この従来品は、バンドの中央部分にゴム紐が縫い付けられ、このバンドの両端に紐状の、例えば雄型の面状ファスナーが1本づつ取り付けられ、この面状ファスナーがくっ付けられる例えば雌型の面状ファスナーがバンドの両端側の外面に取り付けられている。
【0003】
ところで、この種のベルト(バンド)は、消耗品であり、カニューレが高価であることから、患者の負担を少しでも軽減できるよう、安価に形成されているのが望ましい。
またこの種のベルトは、身動きのできない患者の頚部に巻き付けて使用するものであるから、汗を吸い取り易く、また肌触りが良好で、しかも患者に圧迫感を与えることなく、患者の頚部の太さ等に合わせて、簡単、迅速に、且つ低コストで固定具合を調節できるよう形成されているのが望ましい。

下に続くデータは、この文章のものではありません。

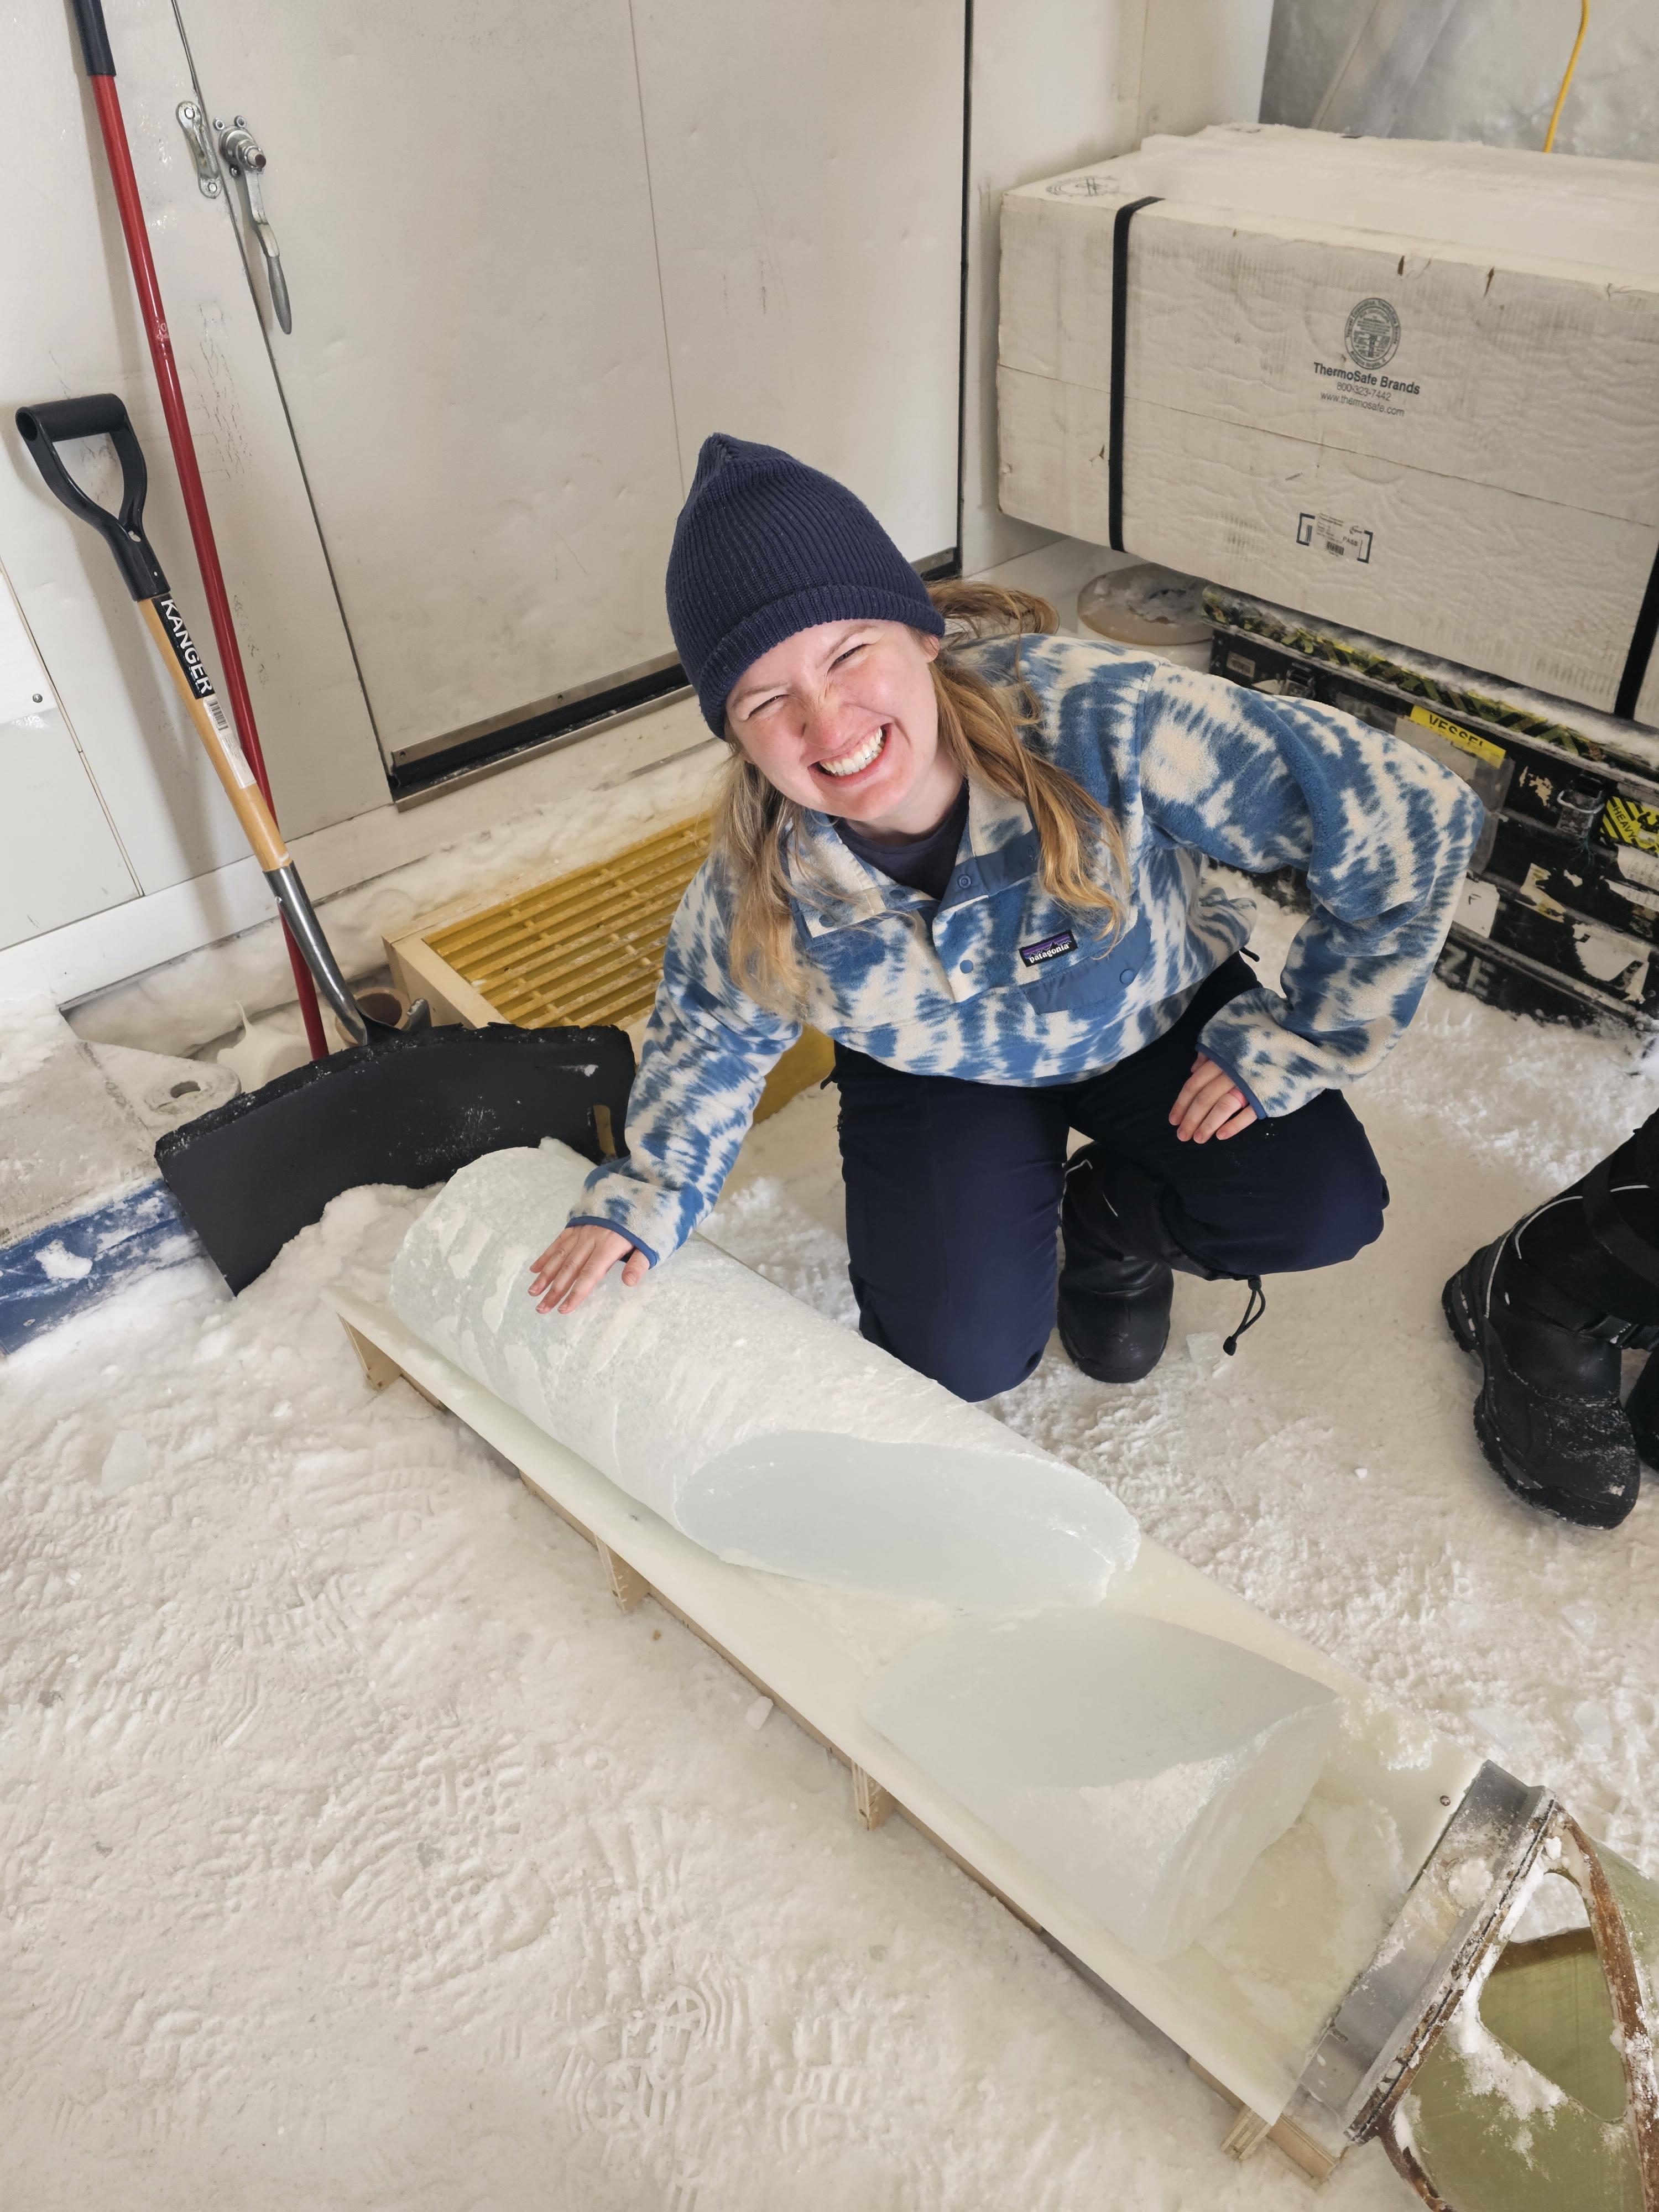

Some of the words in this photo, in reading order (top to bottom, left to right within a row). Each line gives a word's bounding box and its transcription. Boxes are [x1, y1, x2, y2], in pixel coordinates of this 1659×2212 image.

[1313, 362, 1378, 385] ThermoSafe
[1380, 375, 1421, 395] Brands
[1337, 382, 1392, 401] 800-323-7442
[1320, 392, 1405, 417] www.thermosafe.com
[160, 599, 212, 694] KANGER
[1613, 805, 1635, 839] HEAVY
[1029, 943, 1070, 963] patagonia

またこの種のベルトは、カニューレが位置ずれすると患者の生命にも係わるから、患者が、例えば首を傾げても、カニューレを安定した状態で保持、固定できるよう形成されているのが望ましい。
【0004】
しかるに特許文献1に記載の従来品は、面状ファスナーをカニューレの支持フレームの貫通孔に通し、この面状ファスナーをバンドの外面の面状ファスナーにくっ付けてカニューレを固定する構造であった。

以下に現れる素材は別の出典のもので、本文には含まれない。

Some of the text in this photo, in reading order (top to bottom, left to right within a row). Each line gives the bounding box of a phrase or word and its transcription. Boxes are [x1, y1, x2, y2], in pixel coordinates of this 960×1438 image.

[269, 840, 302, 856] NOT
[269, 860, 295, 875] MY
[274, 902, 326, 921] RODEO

従って、従来品の場合は、面状ファスナーが患者の頚部に触れて不快感を患者に与えることがあり、また面状ファスナーが、寝具等に触れてくっ付く、という問題があった。
また従来品は、面状ファスナーを利用しているため、コストが高く付くのを避けられなかった。
また従来品は、1本の面状ファスナーで気管切開カニューレの支持フレームを横方向に引っ張ってカニューレを固定する構造のため、従来品によると、カニューレの支持フレームの動きを確実に抑えることができない、という問題点があった。
【先行技術文献】
【特許文献】
【0005】
【特許文献1】特開2008−264457号公報
【発明の概要】
【発明が解決しようとする課題】
【0006】
本発明は、このような従来品の問題点に鑑み、提案されたものである。
従って本発明の解決しようとする技術的課題は、首周りの違和感や不快感を軽減でき、長さや圧迫感の調節を楽にでき、カニューレを安定した状態で保持固定でき、しかも低廉化できるよう形成した気管切開カニューレ固定用ベルトを提供することにある。
【課題を解決するための手段】
【0007】
本発明は、上記の課題を解決するため、次のような技術的手段を採る。
即ち本発明は、図1等に示されるように、頚部1に回される帯状の本体部2と、この本体部2の両端から本体部2の長手方向に沿って延長状に突き出されている紐状部材3とで形成され、この紐状部材3を気管切開カニューレ4の支持フレーム5に連結して気管切開カニューレ4を頚部1に固定するのに使用する気管切開カニューレ固定用ベルトであって、上記の紐状部材3が、本体部2の幅方向に間隔Dをあけて本体部2の両端に夫々一対設けられていることを特徴とする(請求項1)。
【0008】
本発明の場合、本体部2と紐状部材3の材質は、任意であるが、肌触りを良くし、また価格を抑えることができるよう、両方とも綿等の布で形成されるのが好ましい。この場合、紐状部材3は、平紐でも丸紐でも良い。
【0009】
而して、本発明は、図1〜図4に示されるように、一対の紐状部材3が本体部2の両端から内方に離されて取り付けられ、本体部2の外面の両端側に、一対の紐状部材3を気管切開カニューレ4の支持フレーム5の貫通孔5aに通して輪状に結んだときの結び目6を配置するための箇所7が設けられているのが好ましい(請求項2)。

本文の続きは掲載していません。